(Listed entries)
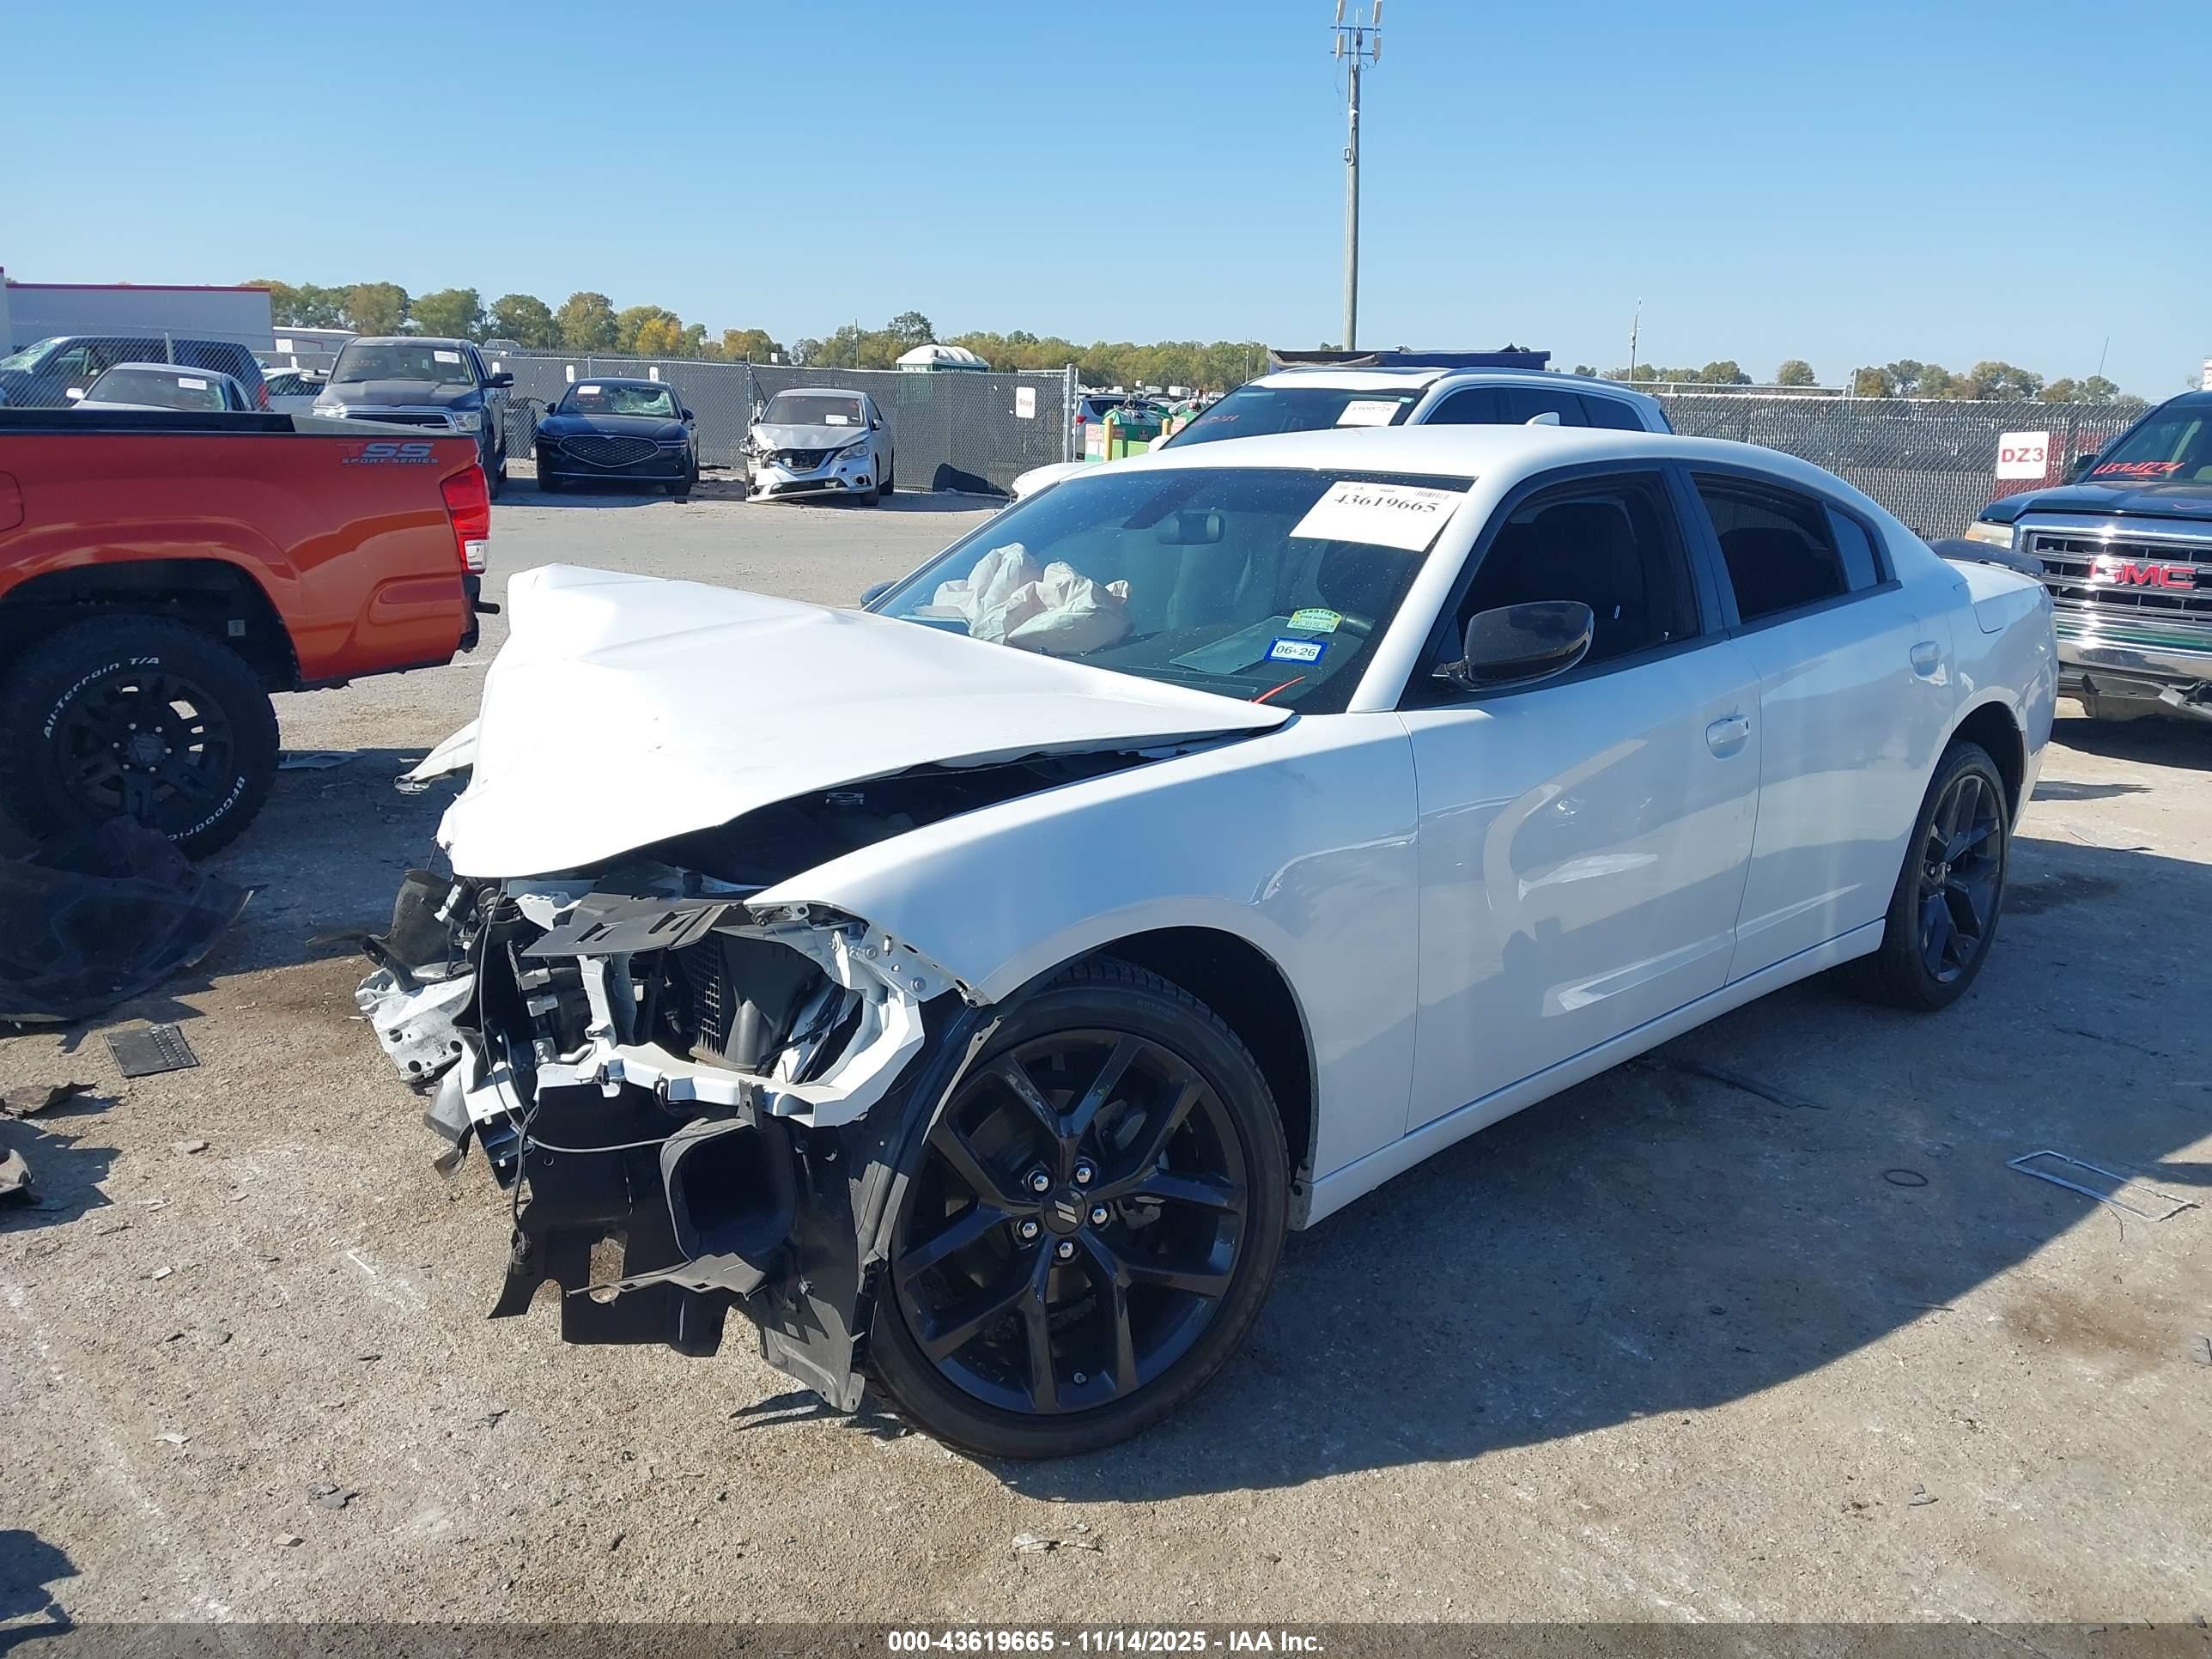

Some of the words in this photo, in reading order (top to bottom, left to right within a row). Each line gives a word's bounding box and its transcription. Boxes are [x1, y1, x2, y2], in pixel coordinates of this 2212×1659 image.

[1018, 398, 1033, 407] Stop
[2002, 447, 2045, 463] DZ3
[1334, 493, 1441, 514] 43619665
[2089, 559, 2198, 590] GMC
[1276, 645, 1294, 654] 06
[1298, 647, 1317, 657] 26
[43, 662, 120, 738] All-Terrain
[129, 657, 161, 665] T/A
[167, 775, 246, 842] BFGoodric
(End Listed entries)
§ **What the task asks**
Every record above must reappear exactly in the answer, minus its pictures.

§ **Answer to the problem**
Some of the words in this photo, in reading order (top to bottom, left to right within a row). Each line gives a word's bounding box and its transcription. Boxes are [x1, y1, x2, y2], in pixel coordinates of this 2212×1659 image.

[1018, 398, 1033, 407] Stop
[2002, 447, 2045, 463] DZ3
[1334, 493, 1441, 514] 43619665
[2089, 559, 2198, 590] GMC
[1276, 645, 1294, 654] 06
[1298, 647, 1317, 657] 26
[43, 662, 120, 738] All-Terrain
[129, 657, 161, 665] T/A
[167, 775, 246, 842] BFGoodric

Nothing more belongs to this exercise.